Terrorists Poisoned Lahore's Melting Pot

By Arooj Khalid
Senior Reporter
LAHORE, Pakistan – Toddlers and children playing around the swings, people celebrating the joyous arrival of spring. It was Easter, a holiday widely celebrated in my city.
This seems like the description of a nice evening at the park.  Would that it remained so.
 A suicide bomber attacked a local park in Lahore around 7 p.m. on Easter Sunday.  More than 60 people lost their lives, more than 300 families are praying for the recovery of their injured relatives.
News channels are flashing footage of the rescuers. Ambulances are speeding by, loved ones are running here and there.
There’s an influx of social media posts, some condemning the attack and some blaming it on opposing organizations. Other posts show pictures of children who got separated from their parents in the rampage after the blast, and some are trying to identify the suicide bomber. Some even go as far as to say that the blast was nothing more than a distraction for the public from the recently captured agent of RAW, the Indian intelligence agency.
A faction of the Taliban recently claimed responsibility for the suicide bombing in the park and openly stated the targets were the Christian minority of Pakistan – and that similar attacks would continue.
The Taliban are one of the well-known extremist groups who claim to fight for Islam but clearly go against it in every one of their actions.  To quote the Quran, Chapter 2 (verse 11-12), “And when it is said to them, Make not mischief in the land, they say: We are but peacemakers. Now surely they are the mischief-makers, but they perceive not.”
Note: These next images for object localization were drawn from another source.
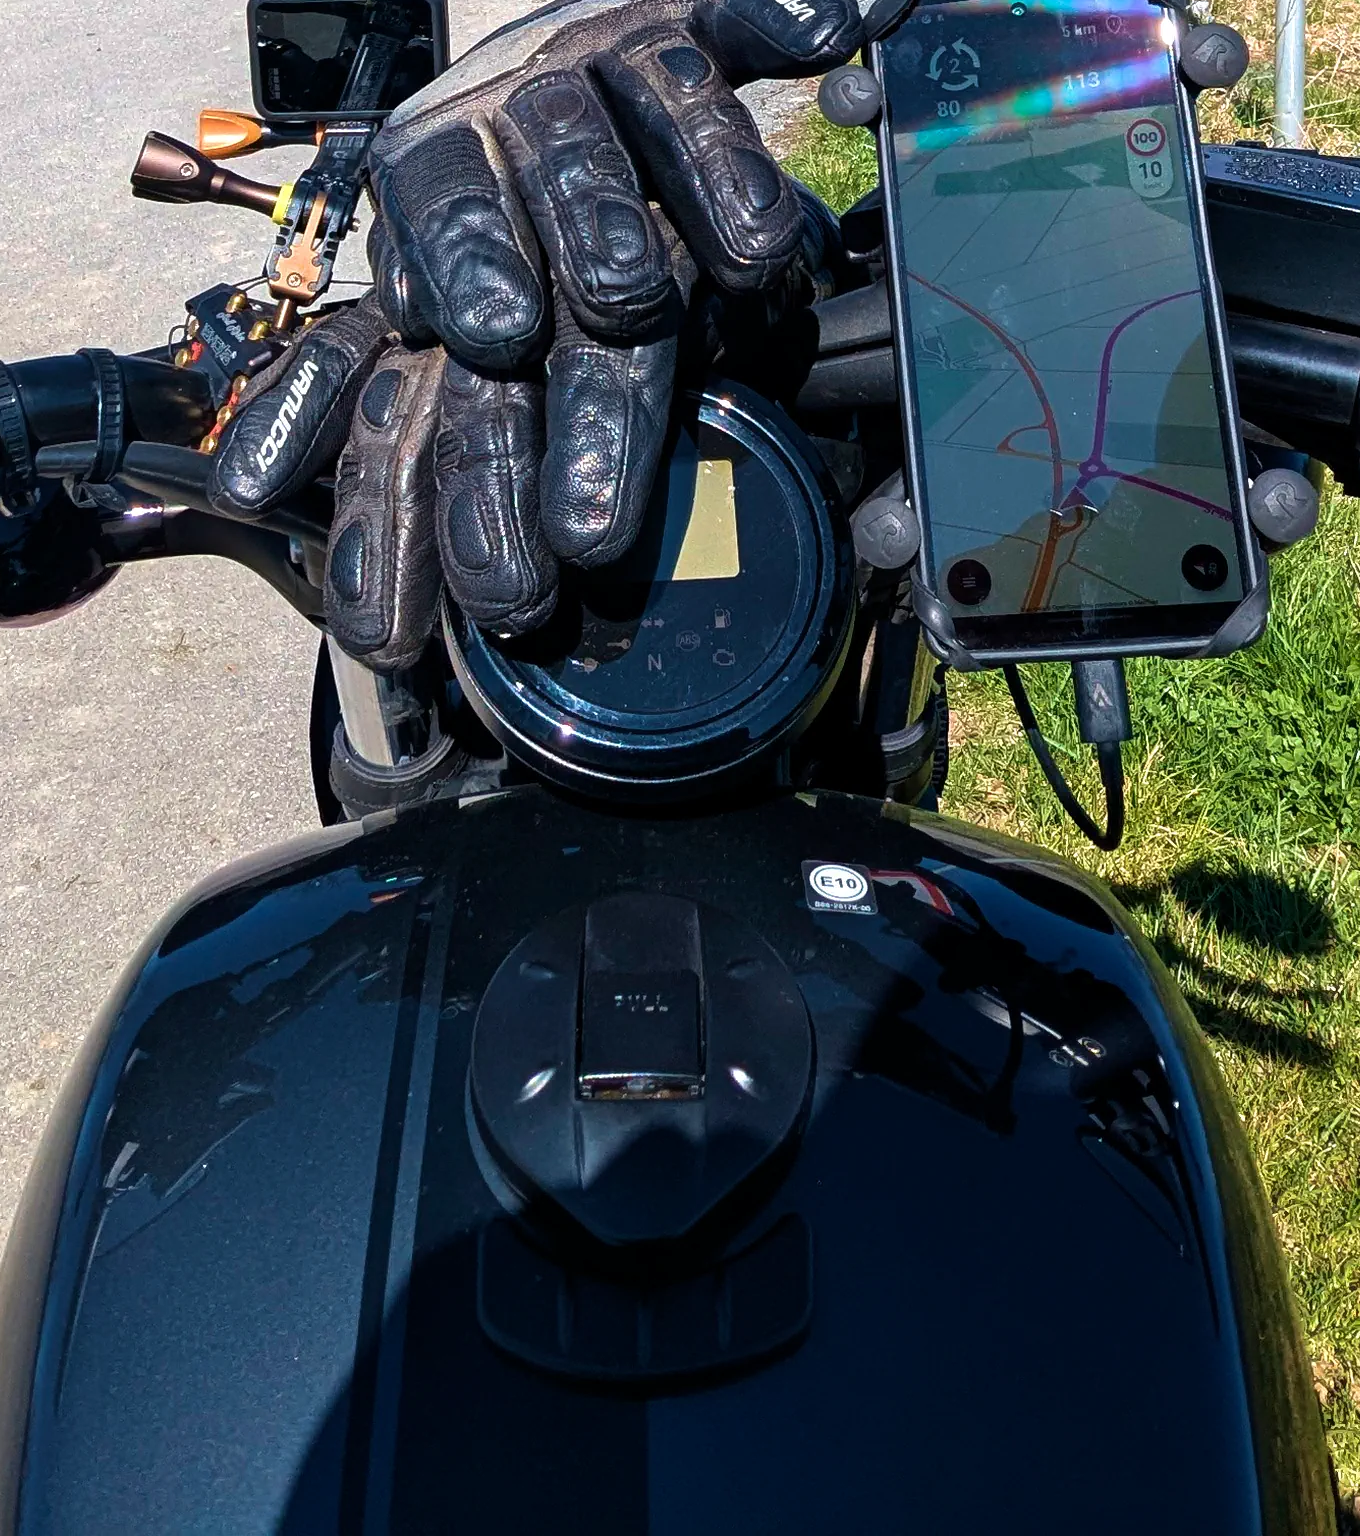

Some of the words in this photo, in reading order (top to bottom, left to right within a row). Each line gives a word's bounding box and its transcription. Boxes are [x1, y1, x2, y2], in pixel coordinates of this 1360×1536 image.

[949, 58, 961, 74] 2
[1063, 71, 1101, 91] 113
[937, 100, 960, 118] 80
[1133, 131, 1158, 145] 100
[1139, 161, 1163, 179] 10
[255, 360, 319, 473] VANUCCI
[679, 633, 697, 645] ABS
[647, 653, 662, 671] N
[821, 875, 858, 890] E10
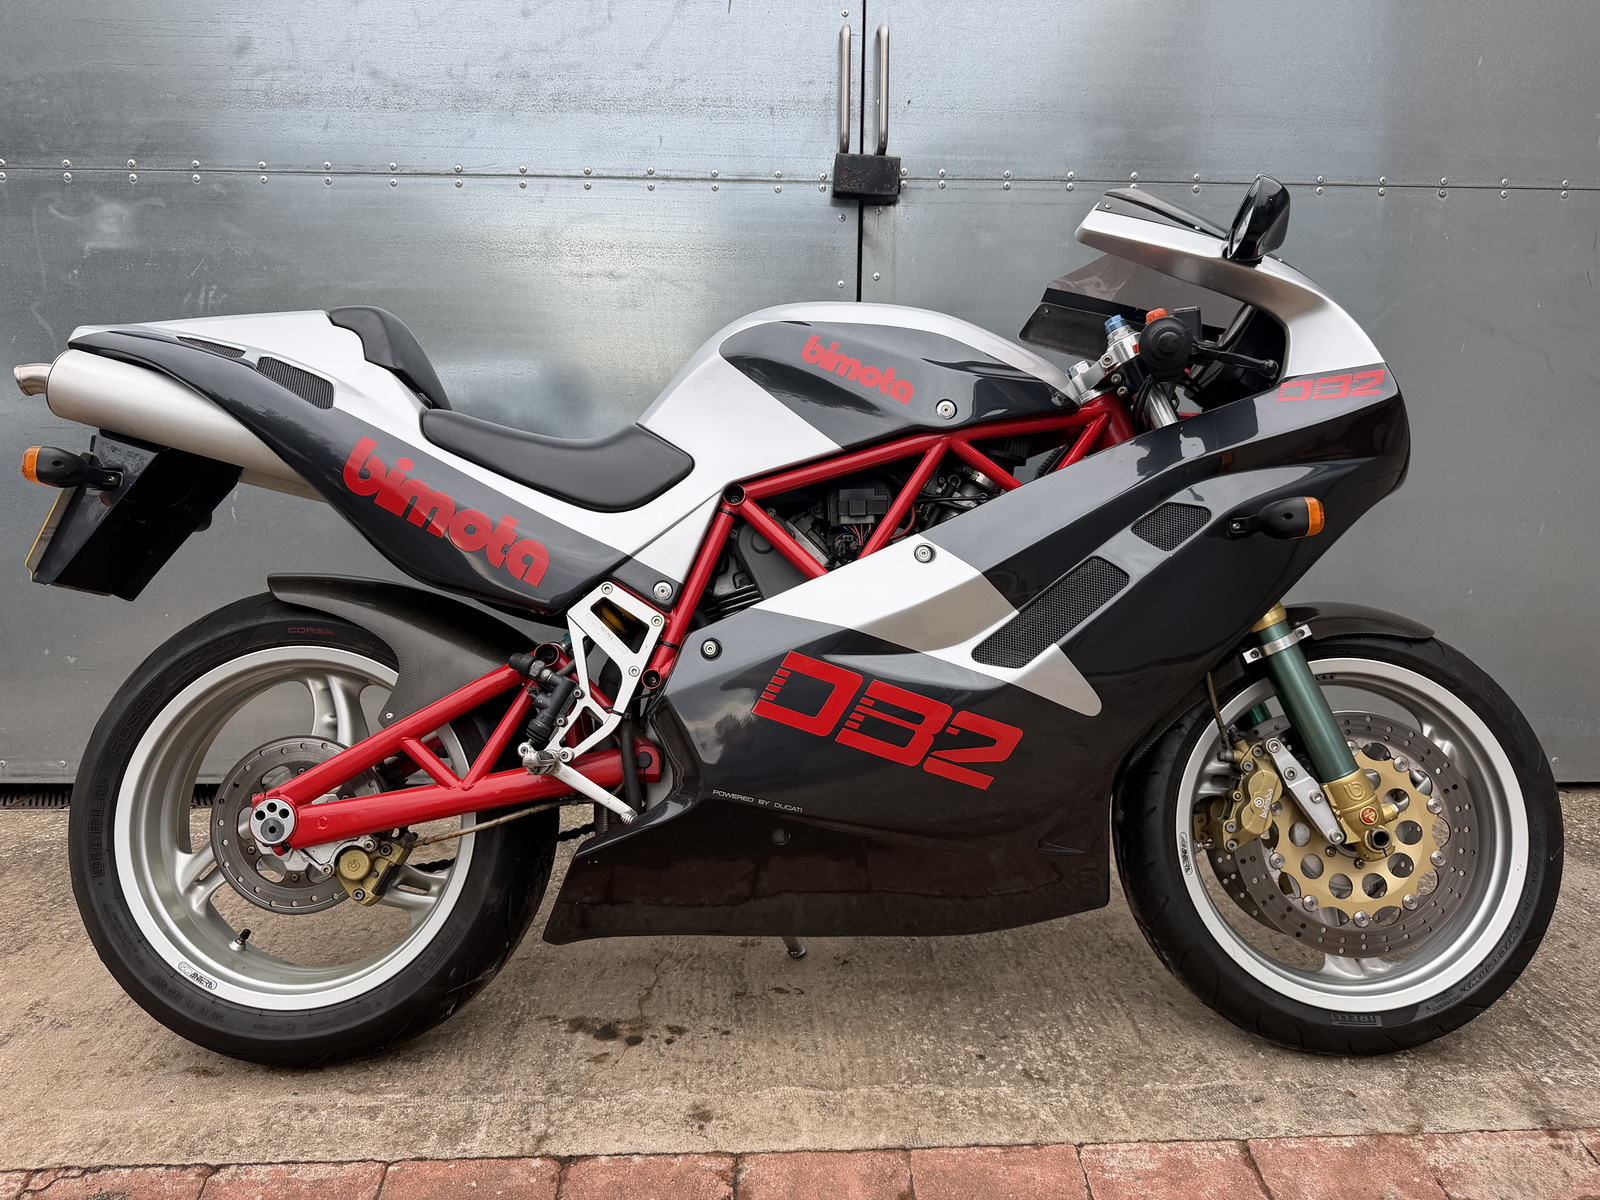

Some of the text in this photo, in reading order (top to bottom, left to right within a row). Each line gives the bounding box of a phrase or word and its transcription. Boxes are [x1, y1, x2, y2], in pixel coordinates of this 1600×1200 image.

Most terrorist attacks that happen around the world are blamed on religion but it makes me wonder if religion even plays a part here or if it’s just being used as an excuse.
It is said that you need morality to know what is right and wrong, not religion. And even then, most religions of the world promote peace and coexistence.
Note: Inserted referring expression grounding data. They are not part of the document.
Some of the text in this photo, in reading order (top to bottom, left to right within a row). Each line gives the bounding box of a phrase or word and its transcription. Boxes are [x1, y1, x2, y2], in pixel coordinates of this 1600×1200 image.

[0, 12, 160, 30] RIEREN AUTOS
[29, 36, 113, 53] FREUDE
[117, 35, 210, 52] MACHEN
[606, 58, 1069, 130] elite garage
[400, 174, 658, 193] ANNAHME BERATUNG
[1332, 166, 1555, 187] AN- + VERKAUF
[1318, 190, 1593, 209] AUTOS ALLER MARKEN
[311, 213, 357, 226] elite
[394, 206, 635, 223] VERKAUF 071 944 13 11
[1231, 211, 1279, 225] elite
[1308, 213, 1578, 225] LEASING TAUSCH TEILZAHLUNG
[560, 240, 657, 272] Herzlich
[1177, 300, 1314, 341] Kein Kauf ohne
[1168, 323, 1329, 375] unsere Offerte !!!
Then, when these vicious extremists act upon other lethal and barbaric values, it makes all our attempts at coexistence feel trivial.
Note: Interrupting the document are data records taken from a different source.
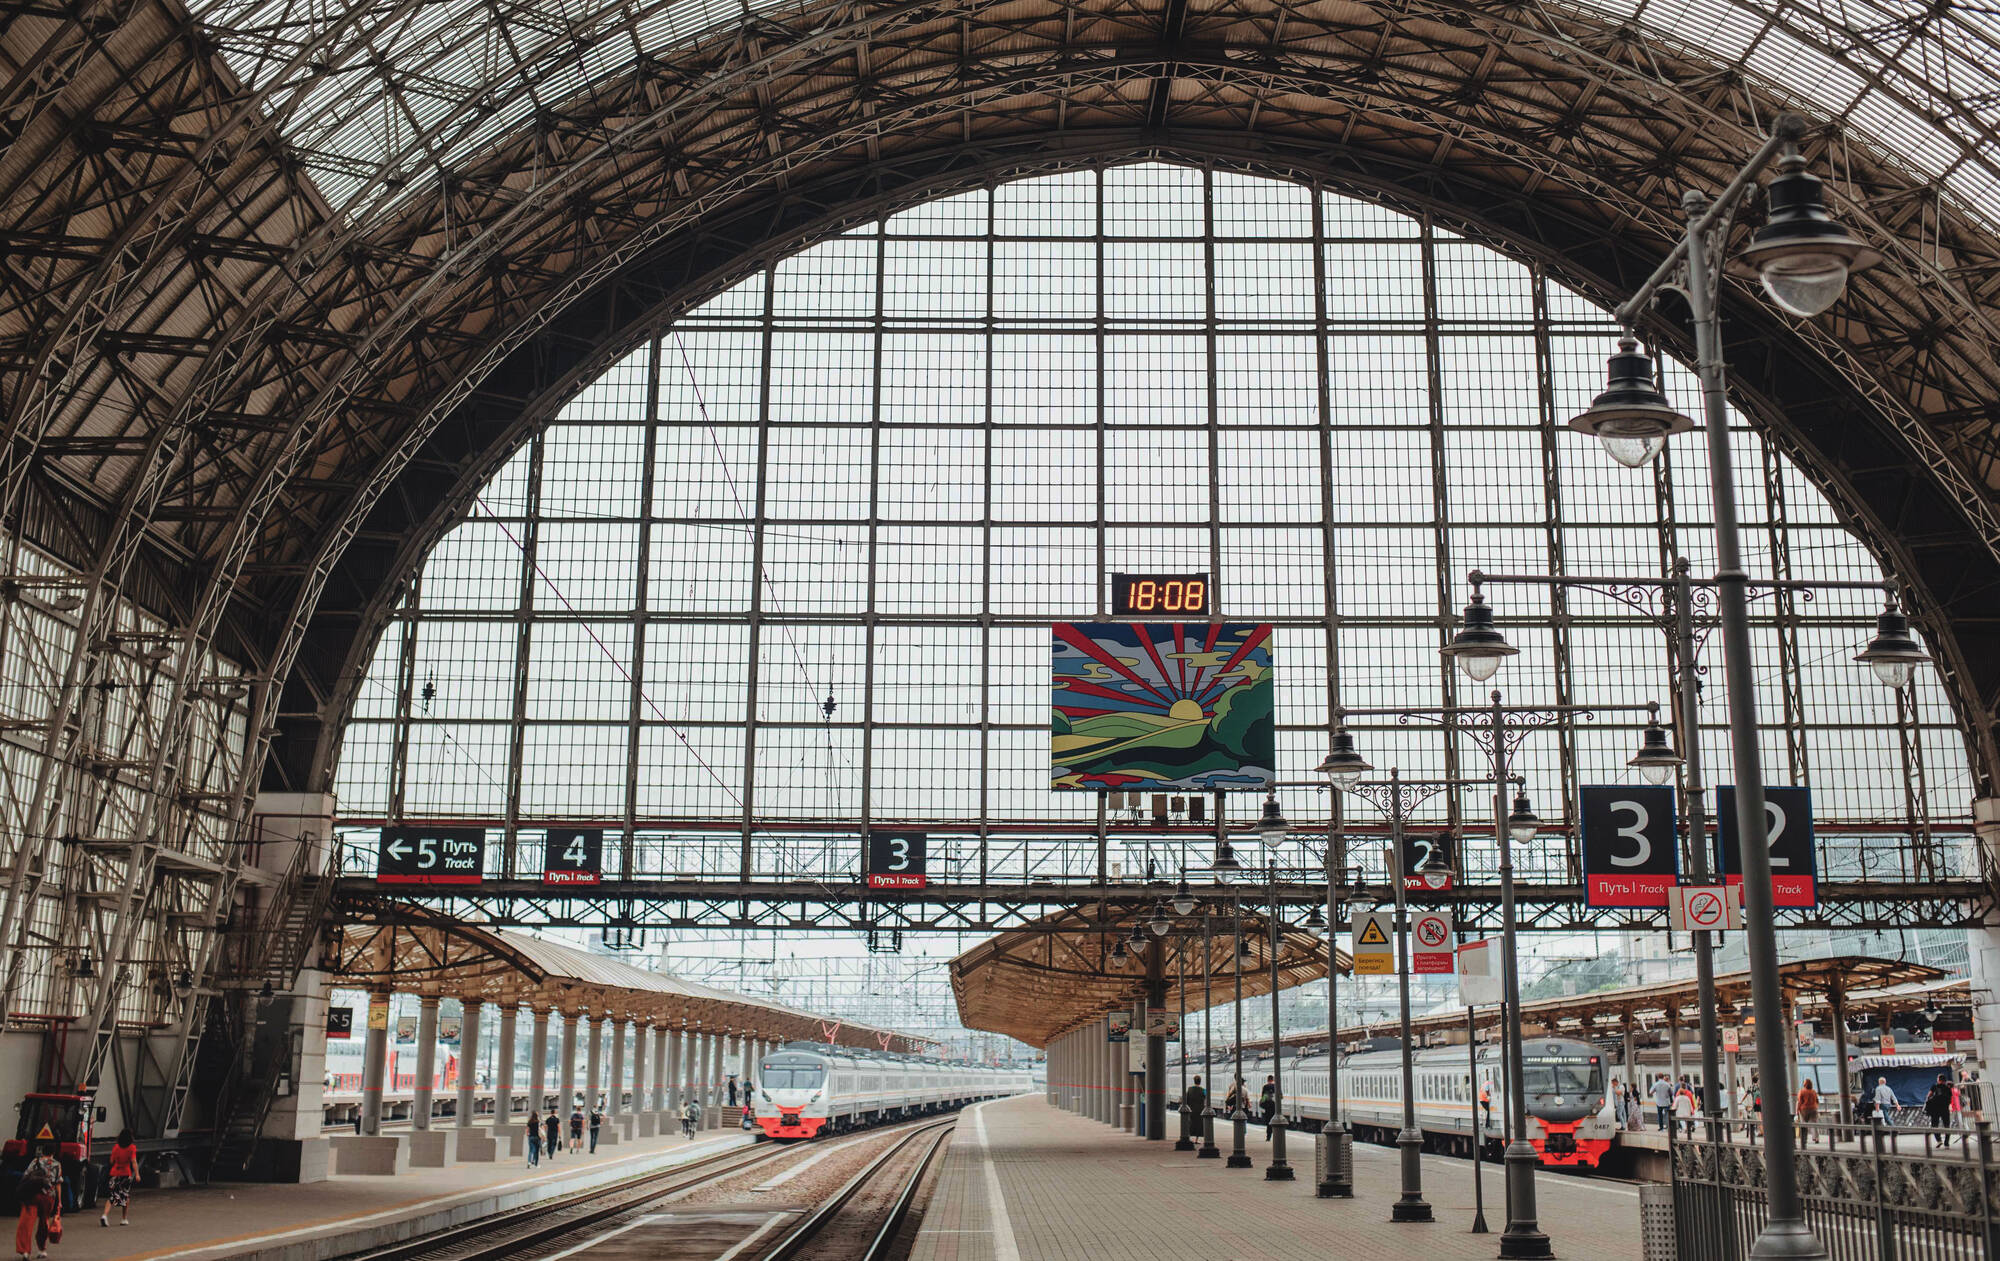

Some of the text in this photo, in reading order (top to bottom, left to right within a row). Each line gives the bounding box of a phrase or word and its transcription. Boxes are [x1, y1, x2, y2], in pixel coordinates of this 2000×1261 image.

[1129, 581, 1204, 610] 18:08
[1610, 800, 1651, 867] 3
[417, 839, 437, 869] 5
[443, 839, 478, 856] Путь
[563, 835, 587, 867] 4
[888, 838, 909, 870] 3
[1413, 840, 1433, 872] 2
[445, 857, 475, 869] Track
[549, 872, 595, 883] Путь Track
[874, 875, 919, 886] Путь Track
[1599, 881, 1665, 896] Путь Track
[1776, 884, 1802, 894] Track
[341, 1014, 350, 1027] 5
As a Muslim, born and raised in a Muslim family, in a city dominated by a Muslim population, I have a ton of Christian friends. I’ve been to church and not only am I taking a course in Christian ethics, but I also go to a Christian university.
If that doesn’t depict the unity between Muslim and Christian masses in Lahore, I don’t know what does.
If out of nowhere, these extremists come and drop bombs on our Christian brothers and sisters, we won’t sit calmly with our hands on our laps.  Our ancestors created Pakistan to liberate us and leave behind the savageness.
Now the responsibility falls on the Punjab government. Can it protect its citizens from a cruel stream of terrorism that may be in store for the future of Lahore and assert its potency despite the opposition?
Punjab’s leaders must show by their actions that they are capable of safeguarding the minority populations as well as any other.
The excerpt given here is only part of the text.